PROBLEM TO WORK ON: The listing needs restating word for word.

RAW DATA:
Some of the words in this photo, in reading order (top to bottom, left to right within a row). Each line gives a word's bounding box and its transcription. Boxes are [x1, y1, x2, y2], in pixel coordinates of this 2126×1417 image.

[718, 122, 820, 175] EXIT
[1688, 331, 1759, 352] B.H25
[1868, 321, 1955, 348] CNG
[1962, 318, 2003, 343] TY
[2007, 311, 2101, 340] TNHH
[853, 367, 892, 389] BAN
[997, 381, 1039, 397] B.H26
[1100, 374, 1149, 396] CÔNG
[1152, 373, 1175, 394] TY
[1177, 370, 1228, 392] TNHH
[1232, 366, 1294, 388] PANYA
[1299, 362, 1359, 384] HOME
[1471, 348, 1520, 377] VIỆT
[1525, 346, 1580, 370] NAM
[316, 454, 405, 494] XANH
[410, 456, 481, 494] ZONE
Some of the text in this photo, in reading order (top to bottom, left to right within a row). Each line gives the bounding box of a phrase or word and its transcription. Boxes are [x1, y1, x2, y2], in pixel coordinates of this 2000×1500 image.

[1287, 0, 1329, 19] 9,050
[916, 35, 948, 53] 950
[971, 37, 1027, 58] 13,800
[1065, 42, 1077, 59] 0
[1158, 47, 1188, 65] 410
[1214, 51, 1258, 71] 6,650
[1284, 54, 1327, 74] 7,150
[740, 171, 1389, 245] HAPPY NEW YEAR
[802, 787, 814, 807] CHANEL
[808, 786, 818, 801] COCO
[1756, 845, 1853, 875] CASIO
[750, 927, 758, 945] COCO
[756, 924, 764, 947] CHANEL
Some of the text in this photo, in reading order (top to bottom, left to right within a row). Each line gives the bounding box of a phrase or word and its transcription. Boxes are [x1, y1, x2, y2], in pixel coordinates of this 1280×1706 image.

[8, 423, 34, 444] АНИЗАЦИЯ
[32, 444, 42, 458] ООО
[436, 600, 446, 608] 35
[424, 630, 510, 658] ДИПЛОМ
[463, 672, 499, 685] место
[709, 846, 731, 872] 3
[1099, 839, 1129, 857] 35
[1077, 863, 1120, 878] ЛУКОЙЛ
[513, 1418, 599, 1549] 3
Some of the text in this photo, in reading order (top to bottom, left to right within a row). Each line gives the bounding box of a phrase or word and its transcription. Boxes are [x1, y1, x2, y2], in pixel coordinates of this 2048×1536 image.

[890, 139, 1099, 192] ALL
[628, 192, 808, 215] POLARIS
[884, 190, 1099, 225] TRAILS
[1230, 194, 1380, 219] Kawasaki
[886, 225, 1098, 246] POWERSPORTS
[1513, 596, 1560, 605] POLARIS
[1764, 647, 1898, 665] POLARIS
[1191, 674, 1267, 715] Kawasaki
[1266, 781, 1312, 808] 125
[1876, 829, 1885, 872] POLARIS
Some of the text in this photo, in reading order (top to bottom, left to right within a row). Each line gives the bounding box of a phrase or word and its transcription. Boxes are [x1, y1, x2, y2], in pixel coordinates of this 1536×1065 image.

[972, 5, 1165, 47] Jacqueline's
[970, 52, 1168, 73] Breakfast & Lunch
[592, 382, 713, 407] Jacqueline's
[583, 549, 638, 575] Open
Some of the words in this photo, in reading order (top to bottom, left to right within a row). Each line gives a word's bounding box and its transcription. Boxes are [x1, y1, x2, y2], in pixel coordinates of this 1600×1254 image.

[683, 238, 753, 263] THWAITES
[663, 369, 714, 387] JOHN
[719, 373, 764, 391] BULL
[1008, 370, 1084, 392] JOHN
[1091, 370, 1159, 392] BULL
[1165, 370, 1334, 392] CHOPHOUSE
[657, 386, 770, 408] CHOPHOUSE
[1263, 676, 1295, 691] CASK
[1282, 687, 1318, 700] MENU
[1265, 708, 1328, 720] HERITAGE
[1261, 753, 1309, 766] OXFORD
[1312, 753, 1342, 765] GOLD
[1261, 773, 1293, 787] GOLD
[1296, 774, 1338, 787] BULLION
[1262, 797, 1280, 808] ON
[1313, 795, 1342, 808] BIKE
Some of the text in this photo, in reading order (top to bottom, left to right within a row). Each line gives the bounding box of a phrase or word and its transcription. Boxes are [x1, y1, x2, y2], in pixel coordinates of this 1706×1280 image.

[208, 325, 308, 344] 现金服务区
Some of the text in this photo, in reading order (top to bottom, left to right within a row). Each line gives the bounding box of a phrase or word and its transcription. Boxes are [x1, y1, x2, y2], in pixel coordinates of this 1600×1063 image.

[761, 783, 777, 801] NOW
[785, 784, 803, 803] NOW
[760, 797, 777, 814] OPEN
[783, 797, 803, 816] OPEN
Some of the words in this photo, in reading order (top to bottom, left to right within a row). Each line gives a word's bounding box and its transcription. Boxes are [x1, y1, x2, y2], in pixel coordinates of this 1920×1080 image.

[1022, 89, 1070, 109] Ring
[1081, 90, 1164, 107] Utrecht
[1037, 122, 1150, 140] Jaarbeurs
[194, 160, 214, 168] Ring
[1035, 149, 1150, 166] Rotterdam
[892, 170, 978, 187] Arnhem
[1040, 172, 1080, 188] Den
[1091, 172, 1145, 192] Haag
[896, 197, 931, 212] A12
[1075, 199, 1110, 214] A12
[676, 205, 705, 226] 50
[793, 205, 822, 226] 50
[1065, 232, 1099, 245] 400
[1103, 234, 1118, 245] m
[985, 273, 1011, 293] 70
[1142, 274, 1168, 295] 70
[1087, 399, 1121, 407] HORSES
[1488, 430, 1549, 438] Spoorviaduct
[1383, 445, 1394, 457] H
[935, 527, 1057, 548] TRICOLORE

RESULT FOR THIS TASK:
Some of the words in this photo, in reading order (top to bottom, left to right within a row). Each line gives a word's bounding box and its transcription. Boxes are [x1, y1, x2, y2], in pixel coordinates of this 2126×1417 image.

[718, 122, 820, 175] EXIT
[1688, 331, 1759, 352] B.H25
[1868, 321, 1955, 348] CNG
[1962, 318, 2003, 343] TY
[2007, 311, 2101, 340] TNHH
[853, 367, 892, 389] BAN
[997, 381, 1039, 397] B.H26
[1100, 374, 1149, 396] CÔNG
[1152, 373, 1175, 394] TY
[1177, 370, 1228, 392] TNHH
[1232, 366, 1294, 388] PANYA
[1299, 362, 1359, 384] HOME
[1471, 348, 1520, 377] VIỆT
[1525, 346, 1580, 370] NAM
[316, 454, 405, 494] XANH
[410, 456, 481, 494] ZONE
Some of the text in this photo, in reading order (top to bottom, left to right within a row). Each line gives the bounding box of a phrase or word and its transcription. Boxes are [x1, y1, x2, y2], in pixel coordinates of this 2000×1500 image.

[1287, 0, 1329, 19] 9,050
[916, 35, 948, 53] 950
[971, 37, 1027, 58] 13,800
[1065, 42, 1077, 59] 0
[1158, 47, 1188, 65] 410
[1214, 51, 1258, 71] 6,650
[1284, 54, 1327, 74] 7,150
[740, 171, 1389, 245] HAPPY NEW YEAR
[802, 787, 814, 807] CHANEL
[808, 786, 818, 801] COCO
[1756, 845, 1853, 875] CASIO
[750, 927, 758, 945] COCO
[756, 924, 764, 947] CHANEL
Some of the text in this photo, in reading order (top to bottom, left to right within a row). Each line gives the bounding box of a phrase or word and its transcription. Boxes are [x1, y1, x2, y2], in pixel coordinates of this 1280×1706 image.

[8, 423, 34, 444] АНИЗАЦИЯ
[32, 444, 42, 458] ООО
[436, 600, 446, 608] 35
[424, 630, 510, 658] ДИПЛОМ
[463, 672, 499, 685] место
[709, 846, 731, 872] 3
[1099, 839, 1129, 857] 35
[1077, 863, 1120, 878] ЛУКОЙЛ
[513, 1418, 599, 1549] 3
Some of the text in this photo, in reading order (top to bottom, left to right within a row). Each line gives the bounding box of a phrase or word and its transcription. Boxes are [x1, y1, x2, y2], in pixel coordinates of this 2048×1536 image.

[890, 139, 1099, 192] ALL
[628, 192, 808, 215] POLARIS
[884, 190, 1099, 225] TRAILS
[1230, 194, 1380, 219] Kawasaki
[886, 225, 1098, 246] POWERSPORTS
[1513, 596, 1560, 605] POLARIS
[1764, 647, 1898, 665] POLARIS
[1191, 674, 1267, 715] Kawasaki
[1266, 781, 1312, 808] 125
[1876, 829, 1885, 872] POLARIS
Some of the text in this photo, in reading order (top to bottom, left to right within a row). Each line gives the bounding box of a phrase or word and its transcription. Boxes are [x1, y1, x2, y2], in pixel coordinates of this 1536×1065 image.

[972, 5, 1165, 47] Jacqueline's
[970, 52, 1168, 73] Breakfast & Lunch
[592, 382, 713, 407] Jacqueline's
[583, 549, 638, 575] Open
Some of the words in this photo, in reading order (top to bottom, left to right within a row). Each line gives a word's bounding box and its transcription. Boxes are [x1, y1, x2, y2], in pixel coordinates of this 1600×1254 image.

[683, 238, 753, 263] THWAITES
[663, 369, 714, 387] JOHN
[719, 373, 764, 391] BULL
[1008, 370, 1084, 392] JOHN
[1091, 370, 1159, 392] BULL
[1165, 370, 1334, 392] CHOPHOUSE
[657, 386, 770, 408] CHOPHOUSE
[1263, 676, 1295, 691] CASK
[1282, 687, 1318, 700] MENU
[1265, 708, 1328, 720] HERITAGE
[1261, 753, 1309, 766] OXFORD
[1312, 753, 1342, 765] GOLD
[1261, 773, 1293, 787] GOLD
[1296, 774, 1338, 787] BULLION
[1262, 797, 1280, 808] ON
[1313, 795, 1342, 808] BIKE
Some of the text in this photo, in reading order (top to bottom, left to right within a row). Each line gives the bounding box of a phrase or word and its transcription. Boxes are [x1, y1, x2, y2], in pixel coordinates of this 1706×1280 image.

[208, 325, 308, 344] 现金服务区
Some of the text in this photo, in reading order (top to bottom, left to right within a row). Each line gives the bounding box of a phrase or word and its transcription. Boxes are [x1, y1, x2, y2], in pixel coordinates of this 1600×1063 image.

[761, 783, 777, 801] NOW
[785, 784, 803, 803] NOW
[760, 797, 777, 814] OPEN
[783, 797, 803, 816] OPEN
Some of the words in this photo, in reading order (top to bottom, left to right within a row). Each line gives a word's bounding box and its transcription. Boxes are [x1, y1, x2, y2], in pixel coordinates of this 1920×1080 image.

[1022, 89, 1070, 109] Ring
[1081, 90, 1164, 107] Utrecht
[1037, 122, 1150, 140] Jaarbeurs
[194, 160, 214, 168] Ring
[1035, 149, 1150, 166] Rotterdam
[892, 170, 978, 187] Arnhem
[1040, 172, 1080, 188] Den
[1091, 172, 1145, 192] Haag
[896, 197, 931, 212] A12
[1075, 199, 1110, 214] A12
[676, 205, 705, 226] 50
[793, 205, 822, 226] 50
[1065, 232, 1099, 245] 400
[1103, 234, 1118, 245] m
[985, 273, 1011, 293] 70
[1142, 274, 1168, 295] 70
[1087, 399, 1121, 407] HORSES
[1488, 430, 1549, 438] Spoorviaduct
[1383, 445, 1394, 457] H
[935, 527, 1057, 548] TRICOLORE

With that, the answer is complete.